— WORK ITEM —
Take the data below and write it out exactly, except for the pictures.

Data entries
◇ ◇ ◇ ◇
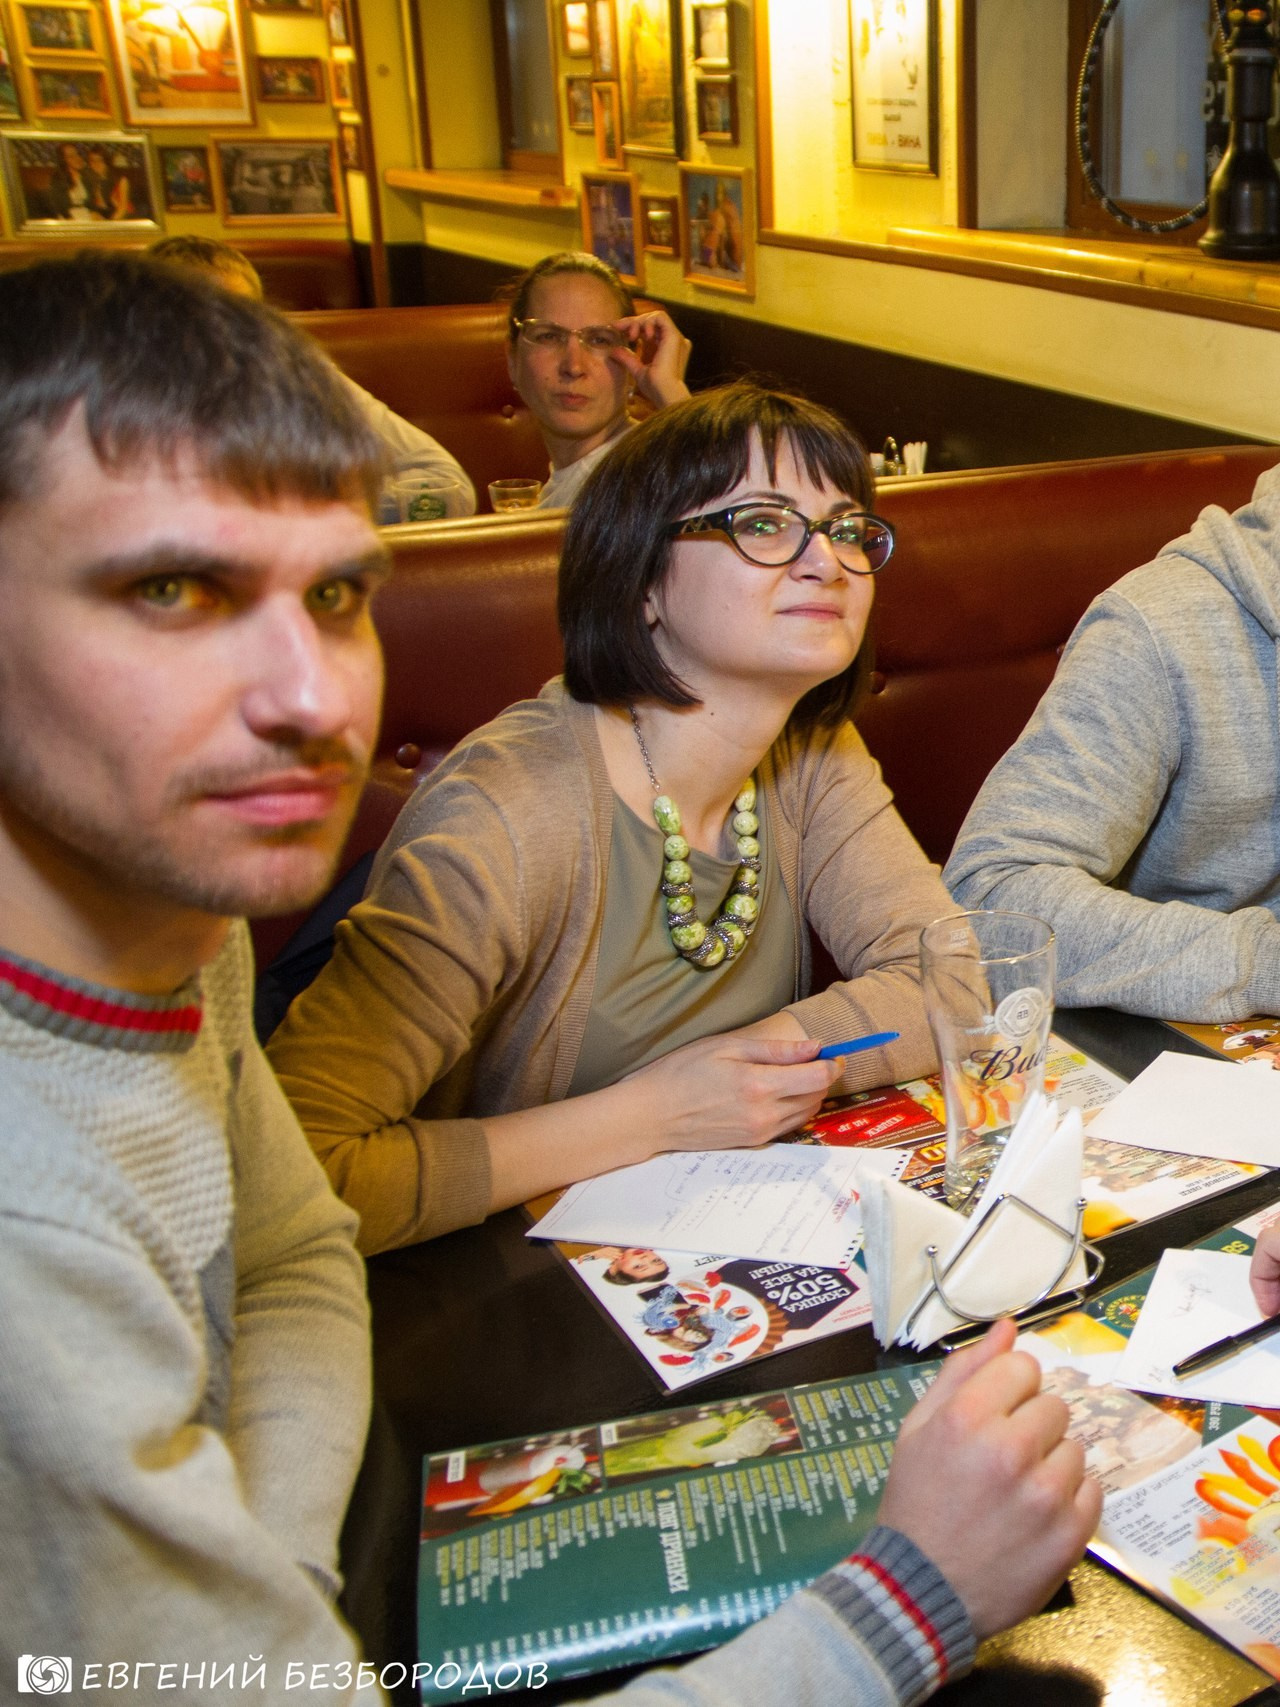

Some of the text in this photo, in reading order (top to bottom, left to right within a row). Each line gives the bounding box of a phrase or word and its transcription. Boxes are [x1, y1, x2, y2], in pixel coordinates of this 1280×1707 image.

[862, 1113, 905, 1137] ПОДАРОК
[759, 1270, 790, 1288] ВСЕ
[766, 1272, 841, 1307] 50%
[1208, 1416, 1219, 1430] 390
[658, 1529, 691, 1594] ДРИНКИ
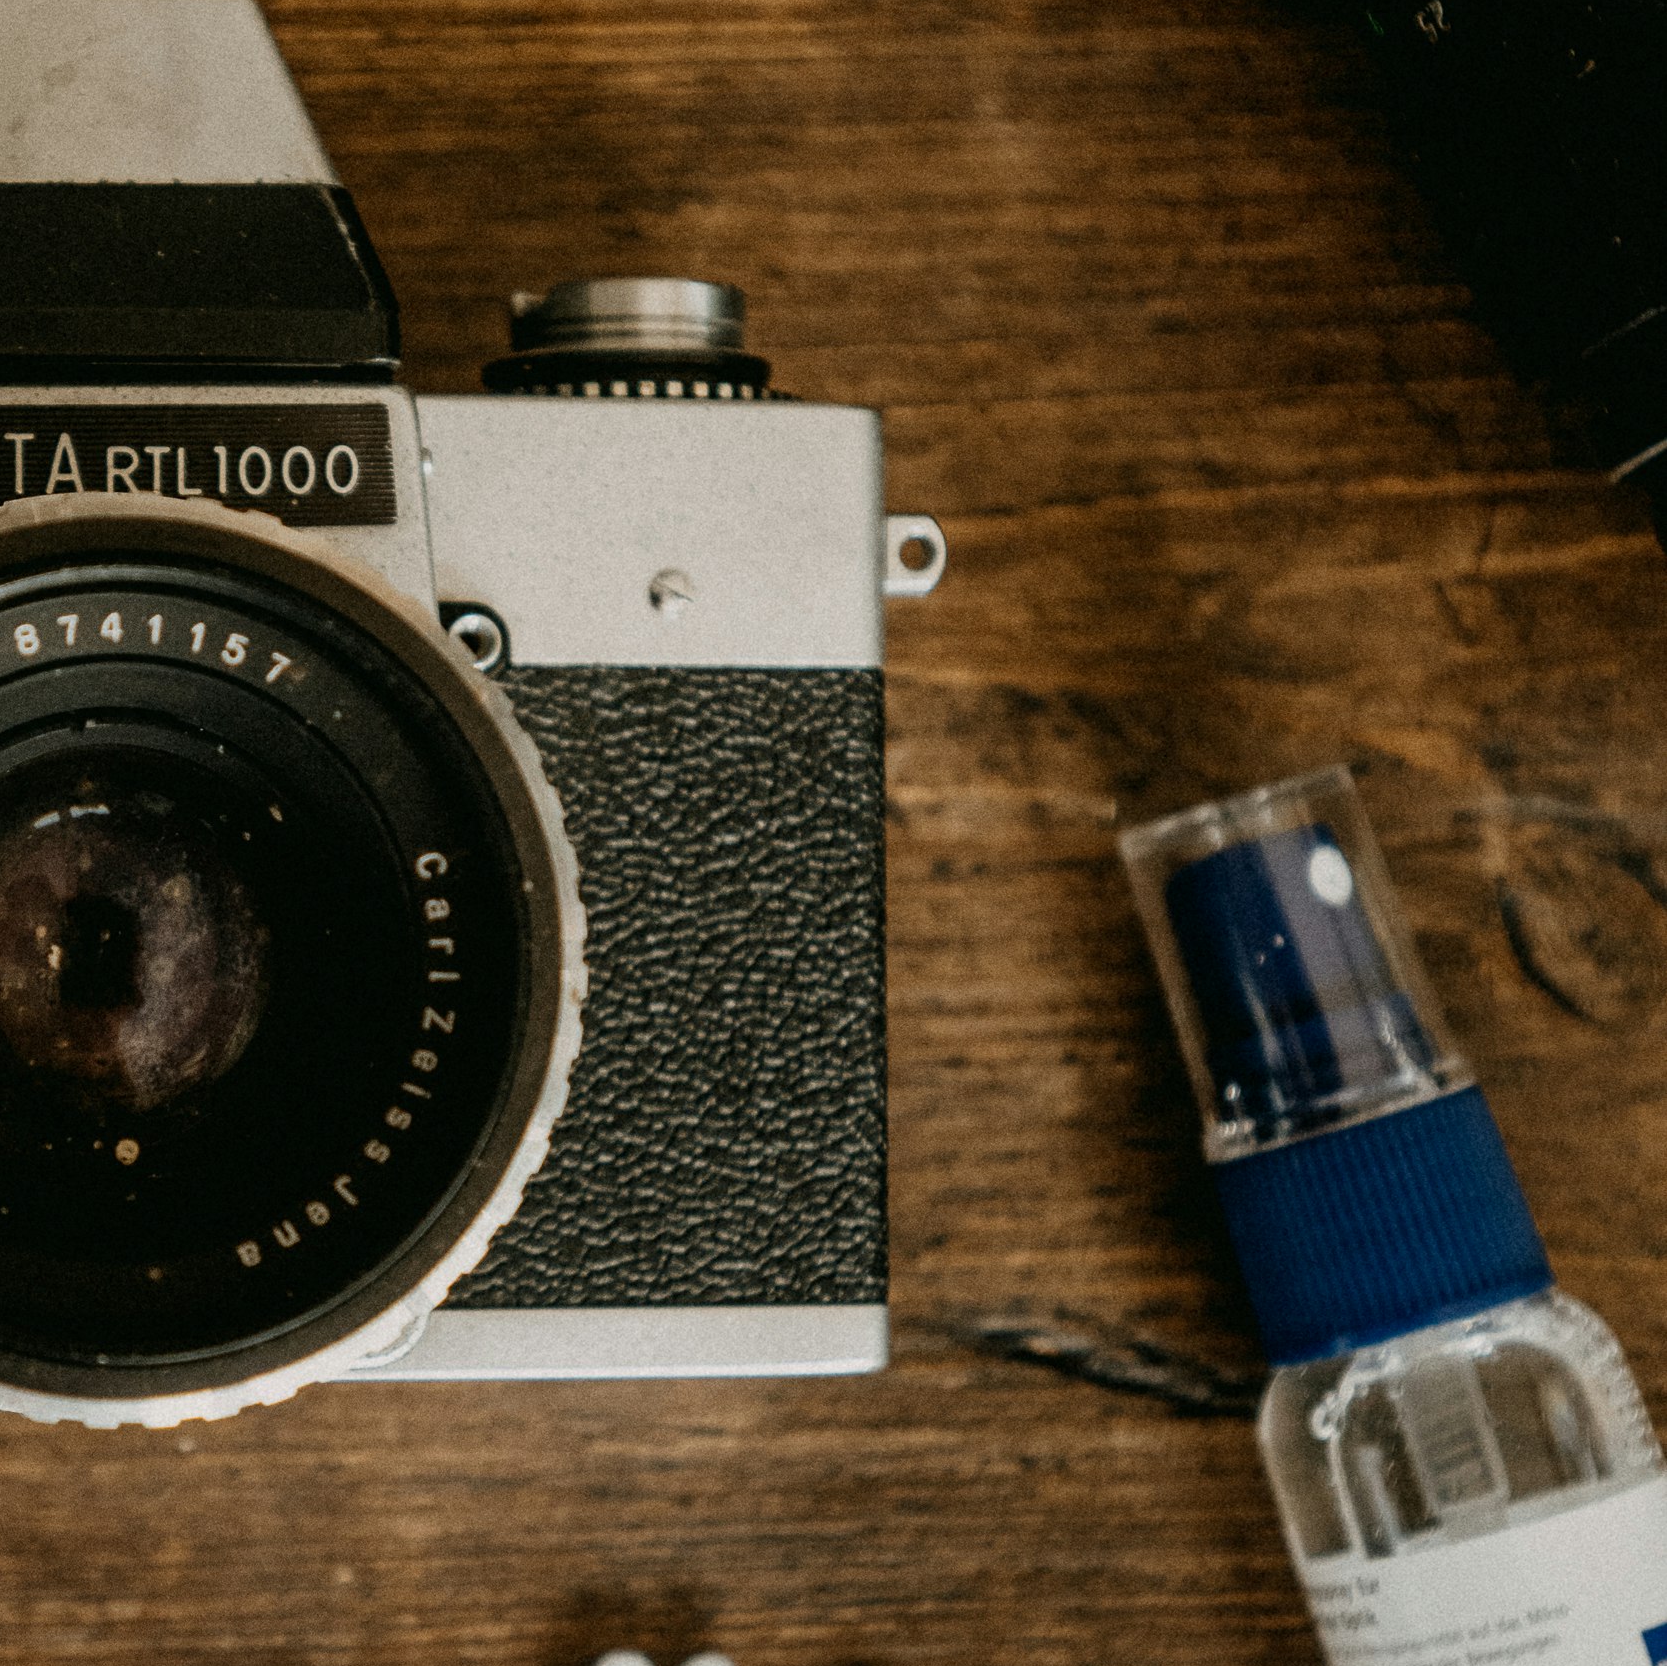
◇ ◇ ◇ ◇
— EXERCISE OUTPUT —
Some of the text in this photo, in reading order (top to bottom, left to right within a row). Each line gives the bounding box of a phrase or word and its transcription. Boxes are [x1, y1, x2, y2], in pixel coordinates of this 1280×1707 image.

[862, 1113, 905, 1137] ПОДАРОК
[759, 1270, 790, 1288] ВСЕ
[766, 1272, 841, 1307] 50%
[1208, 1416, 1219, 1430] 390
[658, 1529, 691, 1594] ДРИНКИ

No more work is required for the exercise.